Problem details: In your copy of the data below, reproduce every entry exactly and omit the pictures.

[Start of section]

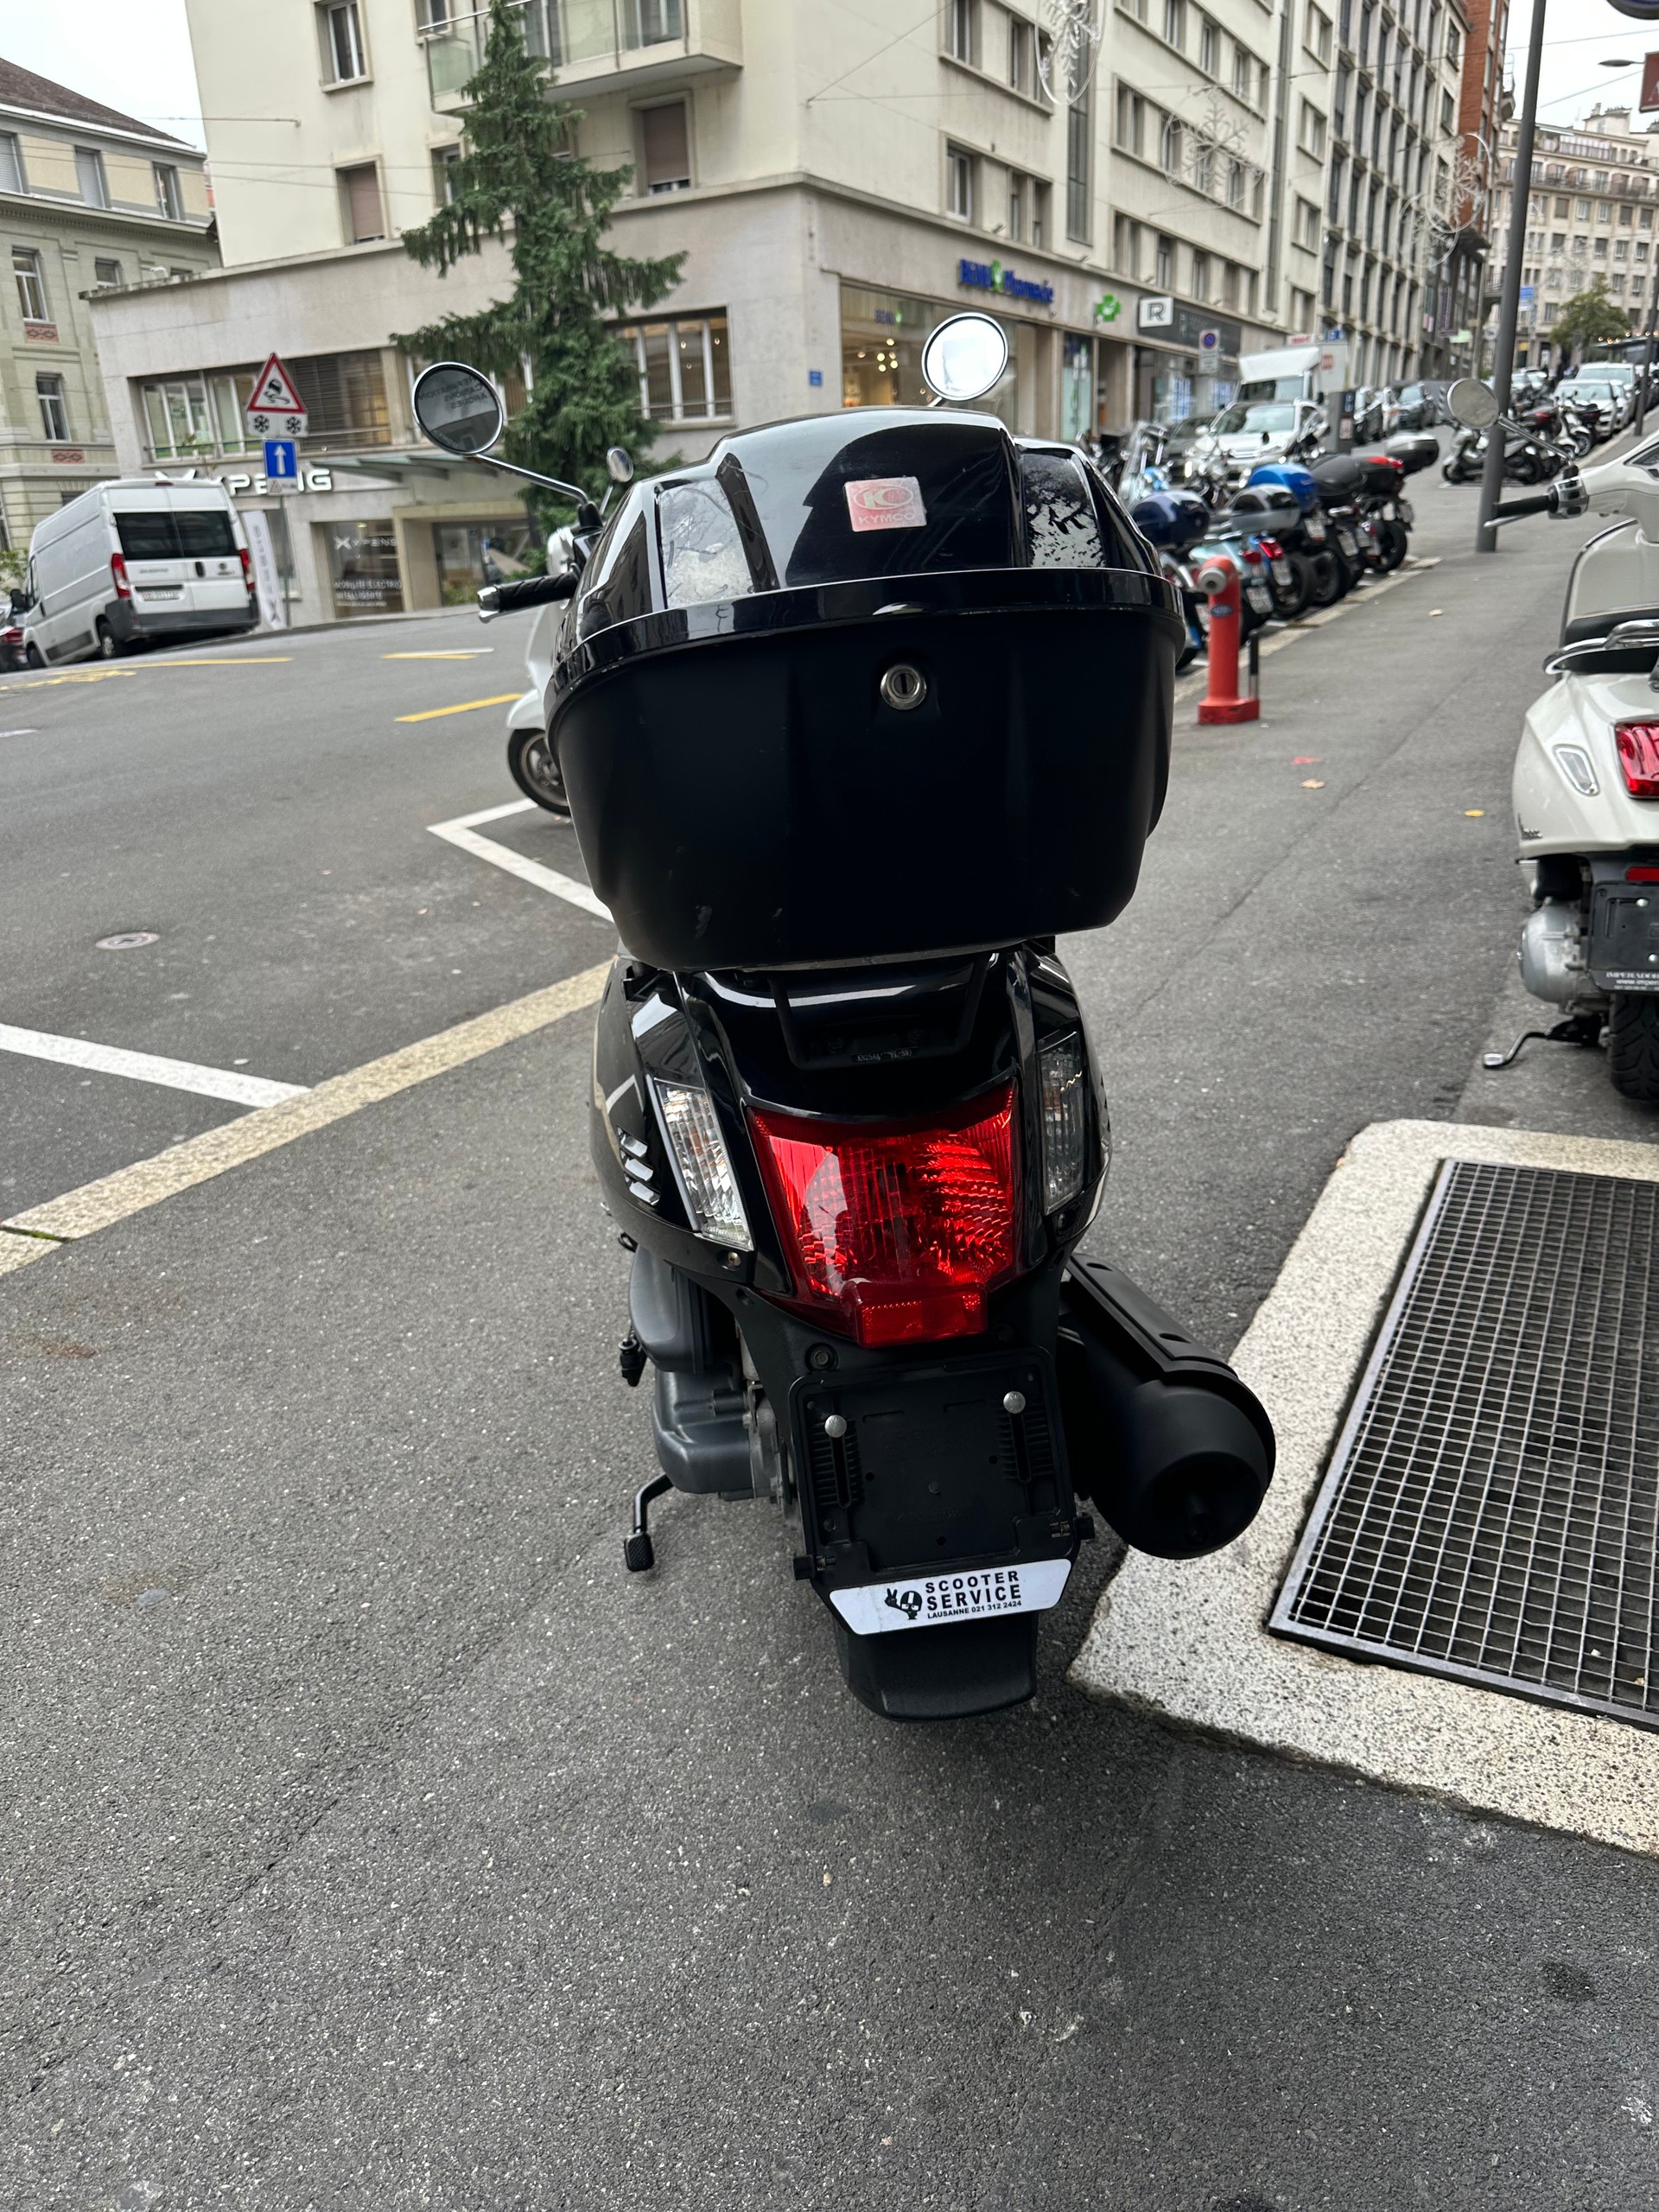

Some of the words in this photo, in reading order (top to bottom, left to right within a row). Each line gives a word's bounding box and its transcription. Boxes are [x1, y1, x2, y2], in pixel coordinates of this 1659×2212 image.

[859, 512, 915, 525] KYMCO
[925, 1571, 1019, 1593] SCOOTER
[927, 1584, 1021, 1611] SERVICE
[927, 1607, 969, 1619] LAUSANNE
[971, 1605, 985, 1613] 021
[988, 1602, 1001, 1611] 312
[1003, 1599, 1022, 1608] 2424
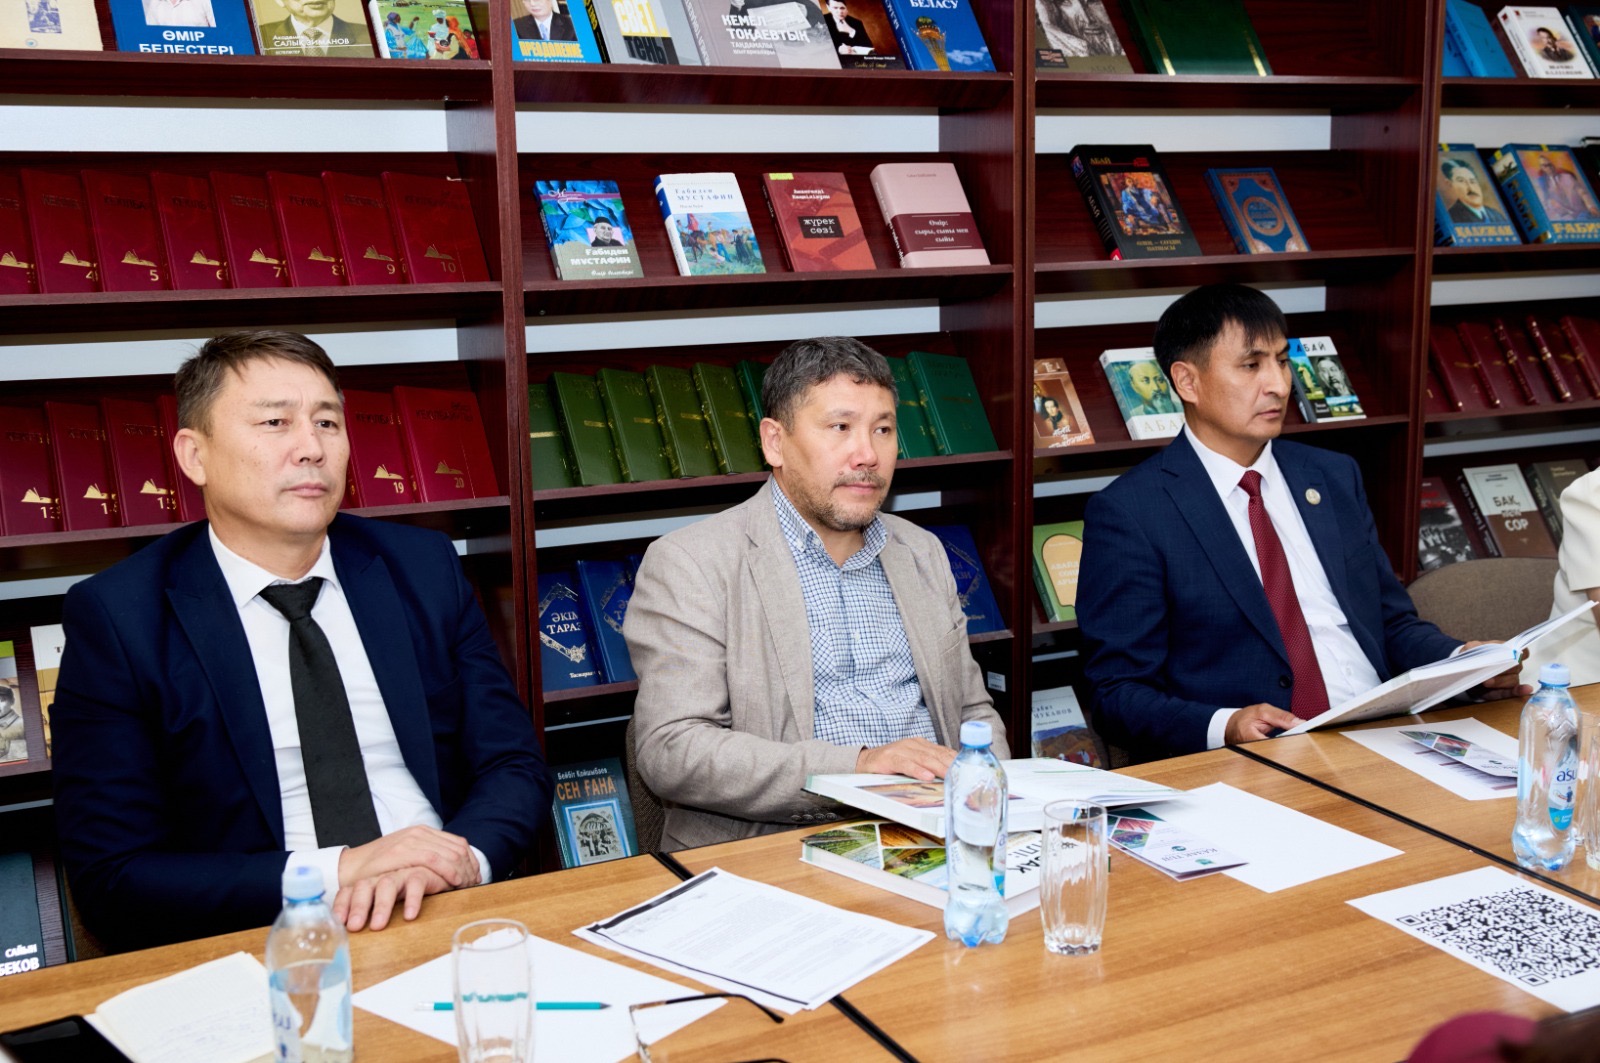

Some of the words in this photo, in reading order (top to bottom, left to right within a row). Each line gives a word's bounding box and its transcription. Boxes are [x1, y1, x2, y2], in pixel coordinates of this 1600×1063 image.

[614, 0, 657, 34] СВЕТ
[721, 14, 767, 26] КЕМЕЛ
[162, 30, 205, 42] ӨМІР
[726, 28, 811, 42] ТОҚАЕВТЫҢ
[139, 43, 234, 56] БЕЛЕСТЕРІ
[386, 264, 396, 275] 9
[440, 261, 456, 273] 10
[150, 269, 159, 281] 5
[393, 481, 405, 494] 19
[454, 477, 465, 488] 20
[1504, 518, 1529, 531] СОР
[556, 781, 581, 800] СЕН
[584, 775, 616, 797] ҒАНА

[End of section]

Problem solution:
Some of the words in this photo, in reading order (top to bottom, left to right within a row). Each line gives a word's bounding box and its transcription. Boxes are [x1, y1, x2, y2], in pixel coordinates of this 1659×2212 image.

[859, 512, 915, 525] KYMCO
[925, 1571, 1019, 1593] SCOOTER
[927, 1584, 1021, 1611] SERVICE
[927, 1607, 969, 1619] LAUSANNE
[971, 1605, 985, 1613] 021
[988, 1602, 1001, 1611] 312
[1003, 1599, 1022, 1608] 2424

Some of the words in this photo, in reading order (top to bottom, left to right within a row). Each line gives a word's bounding box and its transcription. Boxes are [x1, y1, x2, y2], in pixel coordinates of this 1600×1063 image.

[614, 0, 657, 34] СВЕТ
[721, 14, 767, 26] КЕМЕЛ
[162, 30, 205, 42] ӨМІР
[726, 28, 811, 42] ТОҚАЕВТЫҢ
[139, 43, 234, 56] БЕЛЕСТЕРІ
[386, 264, 396, 275] 9
[440, 261, 456, 273] 10
[150, 269, 159, 281] 5
[393, 481, 405, 494] 19
[454, 477, 465, 488] 20
[1504, 518, 1529, 531] СОР
[556, 781, 581, 800] СЕН
[584, 775, 616, 797] ҒАНА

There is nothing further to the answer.